INSTRUCTIONS TO FOLLOW:
Leave out the pictures and retype everything else in the records below exactly.

DATASET:
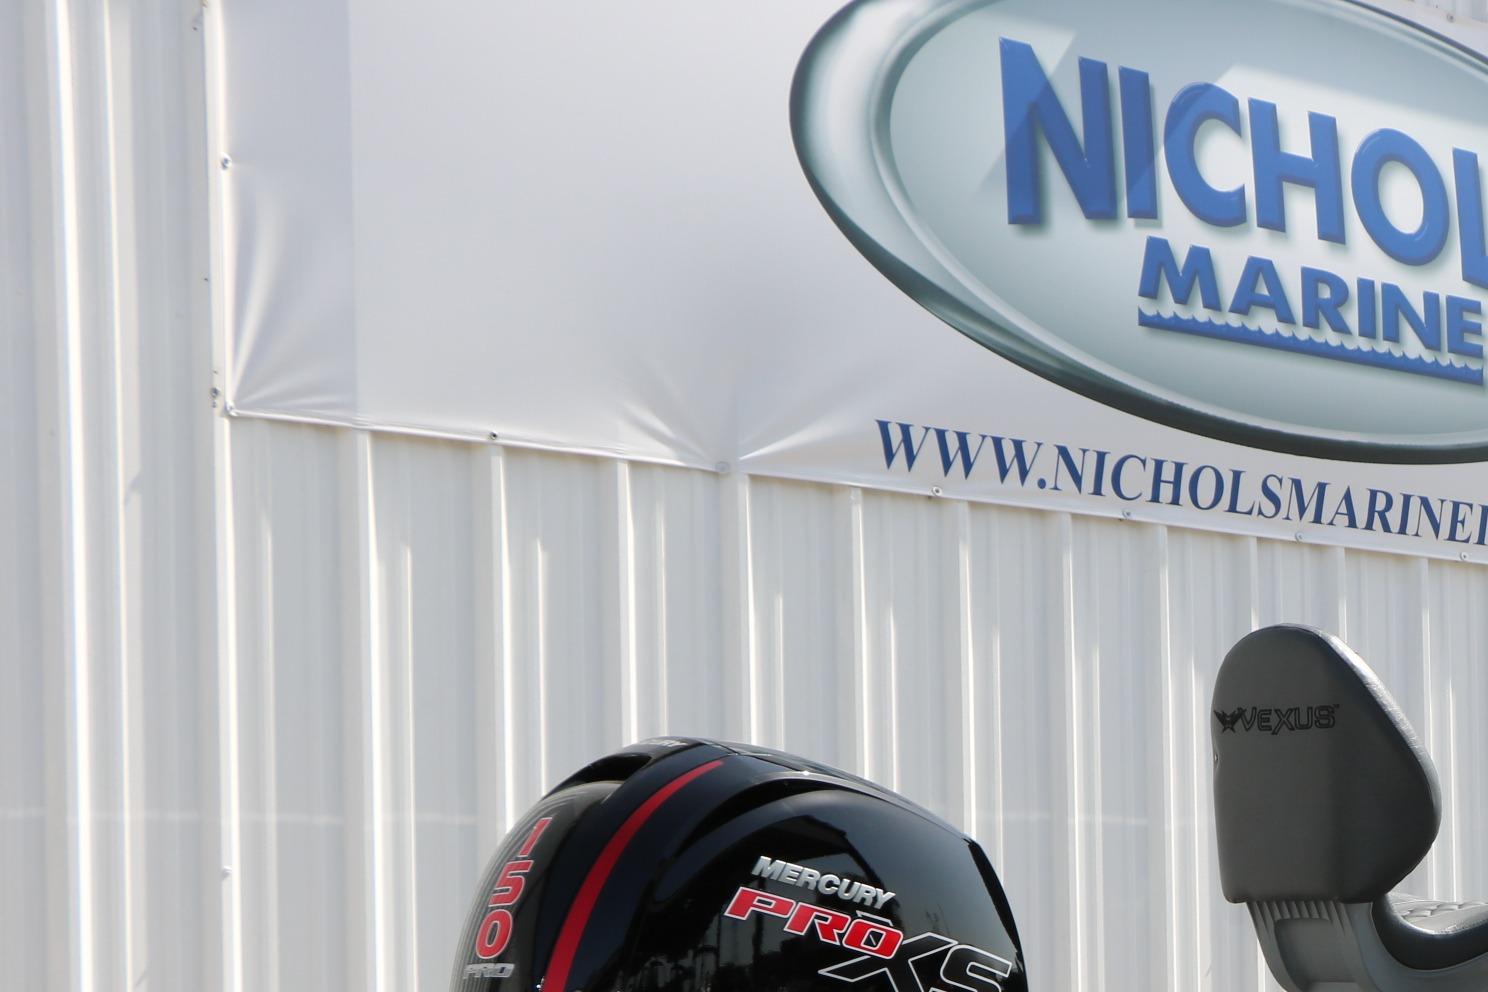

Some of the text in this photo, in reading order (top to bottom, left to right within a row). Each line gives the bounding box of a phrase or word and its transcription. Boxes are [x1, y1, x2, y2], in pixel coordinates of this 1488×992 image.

[1137, 235, 1484, 359] MARINE
[1238, 704, 1337, 735] VEXUS
[475, 816, 553, 960] 150
[751, 855, 896, 910] MERCURY
[723, 885, 904, 960] PRO
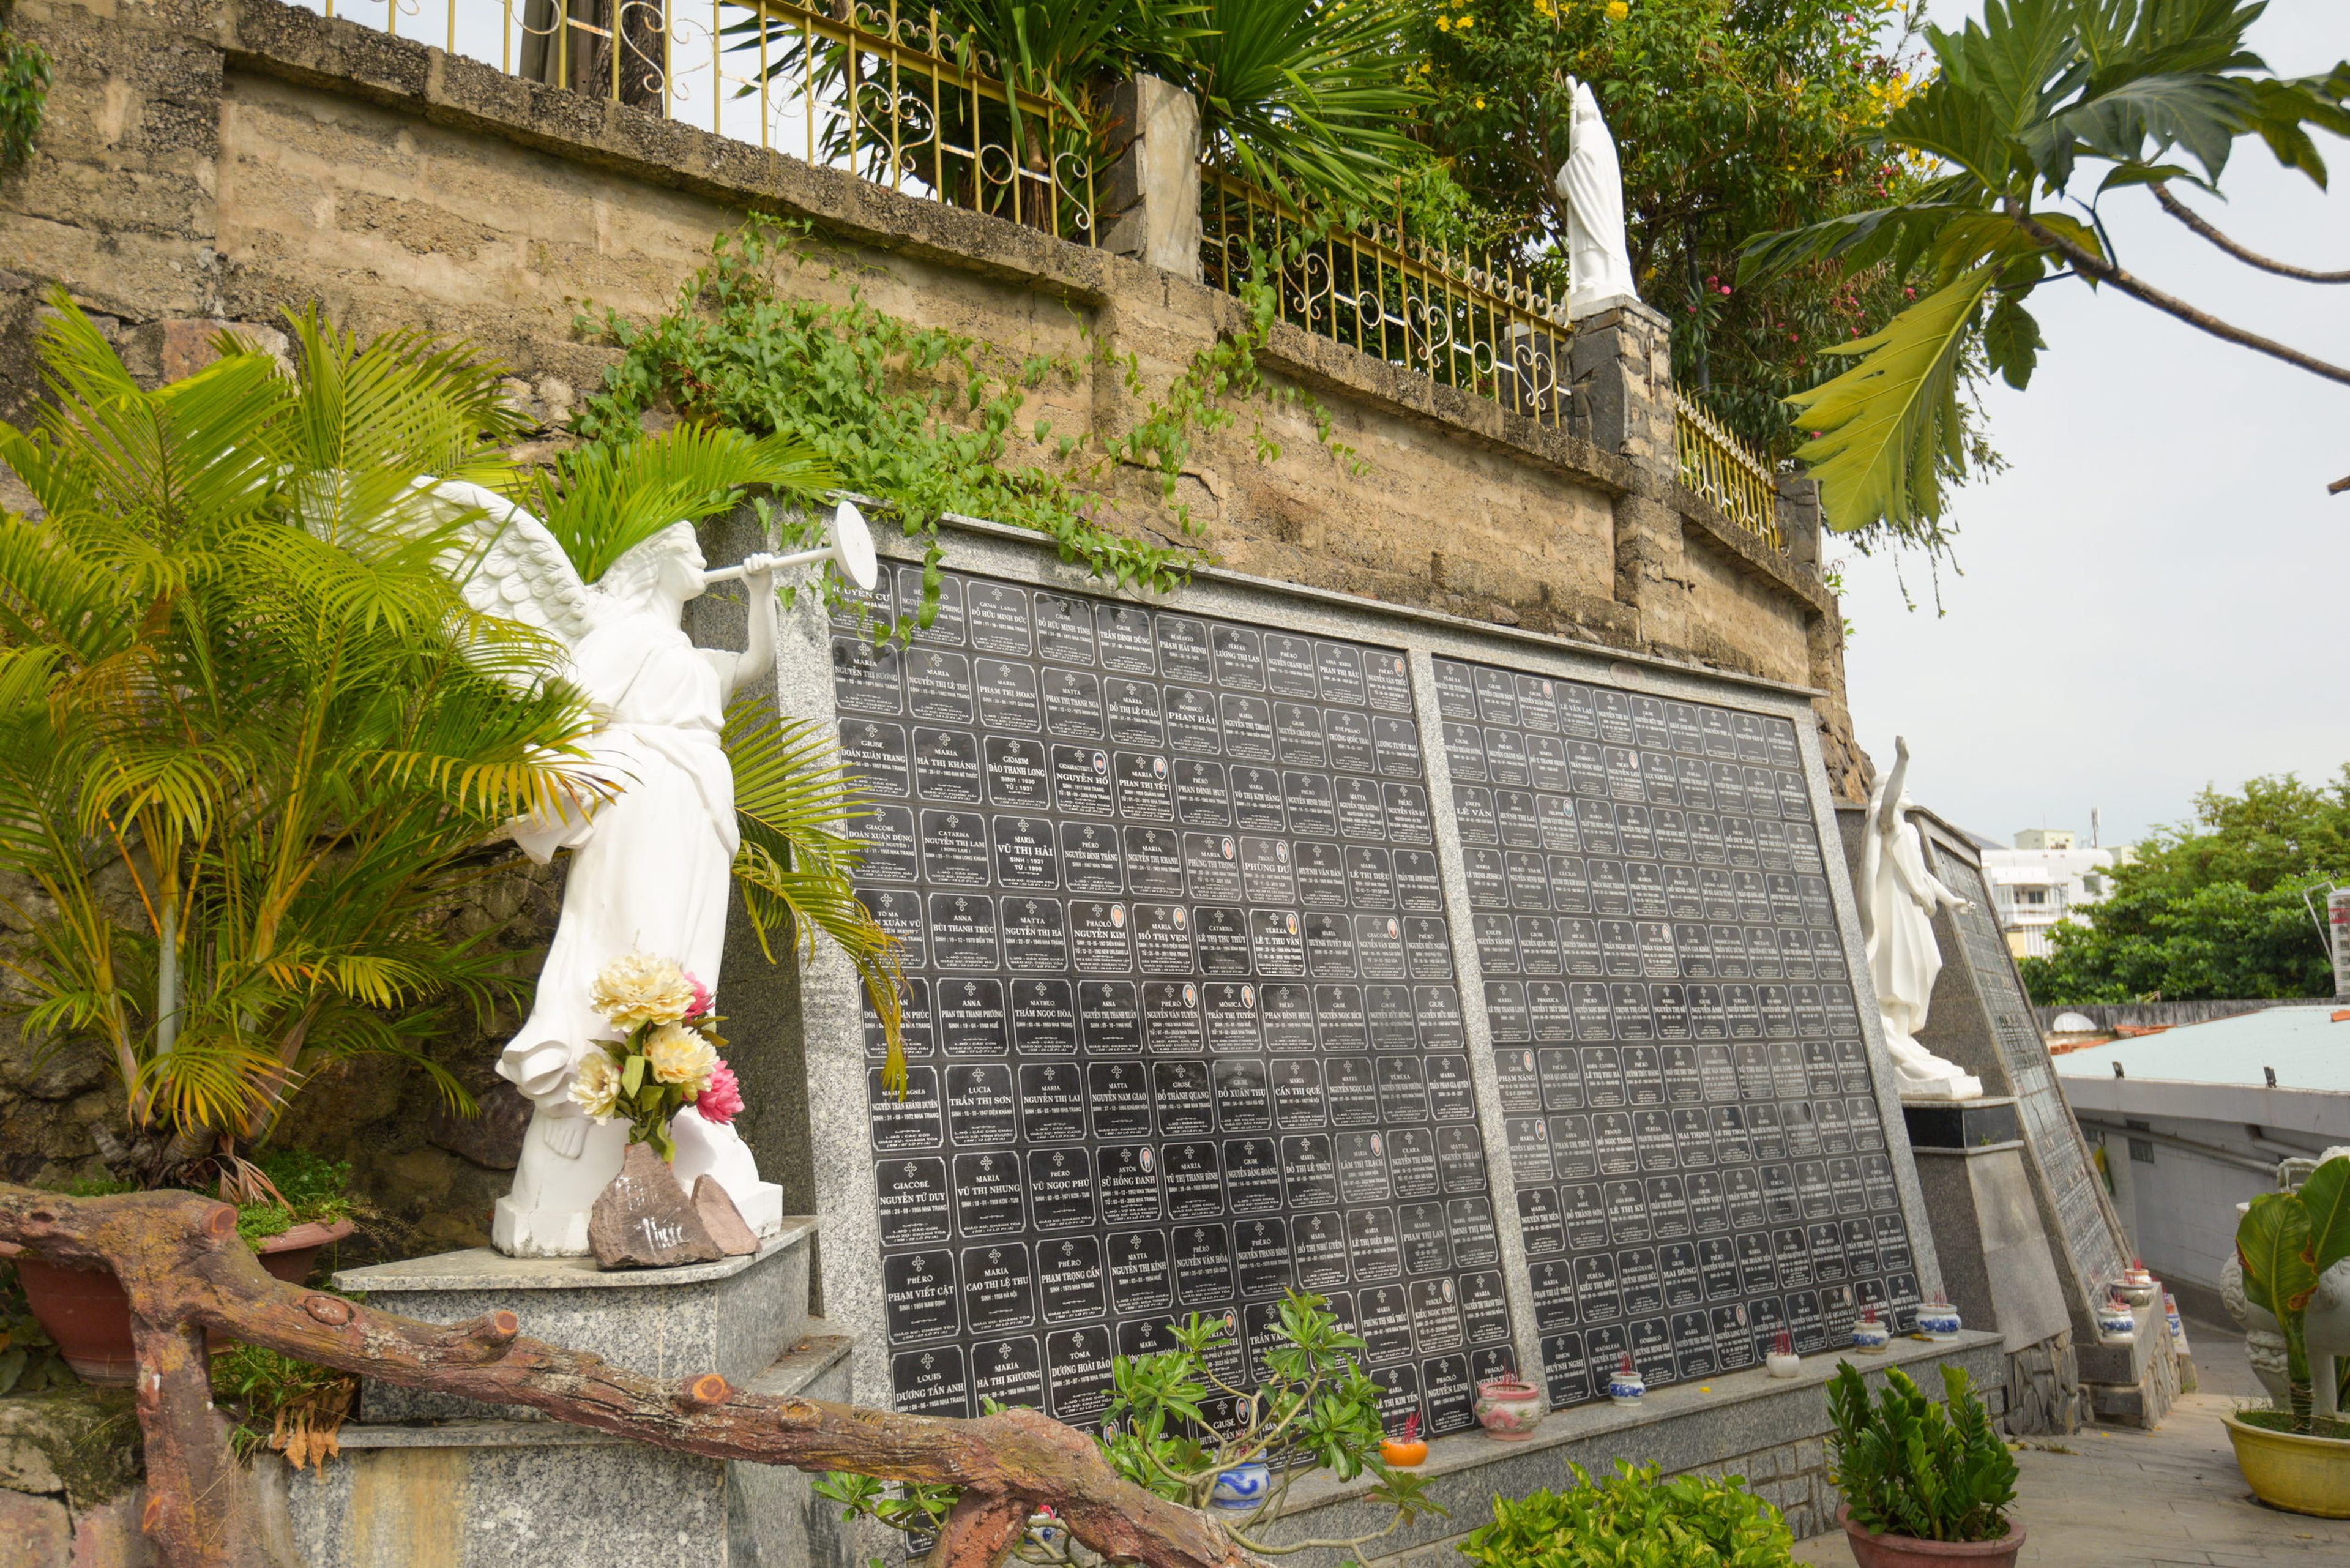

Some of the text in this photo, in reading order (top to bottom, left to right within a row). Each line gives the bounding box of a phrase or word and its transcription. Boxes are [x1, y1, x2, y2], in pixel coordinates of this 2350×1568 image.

[853, 658, 878, 666] MARIA
[863, 668, 875, 679] THỊ
[927, 668, 949, 677] MARIA
[934, 680, 946, 689] THỊ
[1001, 688, 1014, 697] THỊ
[1119, 705, 1130, 714] THỊ
[930, 758, 946, 768] THỊ
[1140, 781, 1153, 790] THỊ
[1014, 835, 1035, 844] MARIA
[1013, 845, 1032, 856] THỊ
[1020, 917, 1045, 926] MATTA
[1037, 928, 1050, 937] THỊ
[1152, 933, 1168, 942] THỊ
[1291, 1087, 1304, 1096] THỊ
[975, 1097, 992, 1105] THỊ
[971, 1186, 987, 1195] THỊ
[984, 1267, 1009, 1276] MARIA
[983, 1280, 998, 1289] THỊ
[994, 1362, 1019, 1372] MARIA
[917, 1372, 941, 1383] LOUIS
[990, 1376, 1005, 1386] THỊ

EXPECTED ANSWER:
Some of the text in this photo, in reading order (top to bottom, left to right within a row). Each line gives the bounding box of a phrase or word and its transcription. Boxes are [x1, y1, x2, y2], in pixel coordinates of this 1488×992 image.

[1137, 235, 1484, 359] MARINE
[1238, 704, 1337, 735] VEXUS
[475, 816, 553, 960] 150
[751, 855, 896, 910] MERCURY
[723, 885, 904, 960] PRO

Some of the text in this photo, in reading order (top to bottom, left to right within a row). Each line gives the bounding box of a phrase or word and its transcription. Boxes are [x1, y1, x2, y2], in pixel coordinates of this 2350×1568 image.

[853, 658, 878, 666] MARIA
[863, 668, 875, 679] THỊ
[927, 668, 949, 677] MARIA
[934, 680, 946, 689] THỊ
[1001, 688, 1014, 697] THỊ
[1119, 705, 1130, 714] THỊ
[930, 758, 946, 768] THỊ
[1140, 781, 1153, 790] THỊ
[1014, 835, 1035, 844] MARIA
[1013, 845, 1032, 856] THỊ
[1020, 917, 1045, 926] MATTA
[1037, 928, 1050, 937] THỊ
[1152, 933, 1168, 942] THỊ
[1291, 1087, 1304, 1096] THỊ
[975, 1097, 992, 1105] THỊ
[971, 1186, 987, 1195] THỊ
[984, 1267, 1009, 1276] MARIA
[983, 1280, 998, 1289] THỊ
[994, 1362, 1019, 1372] MARIA
[917, 1372, 941, 1383] LOUIS
[990, 1376, 1005, 1386] THỊ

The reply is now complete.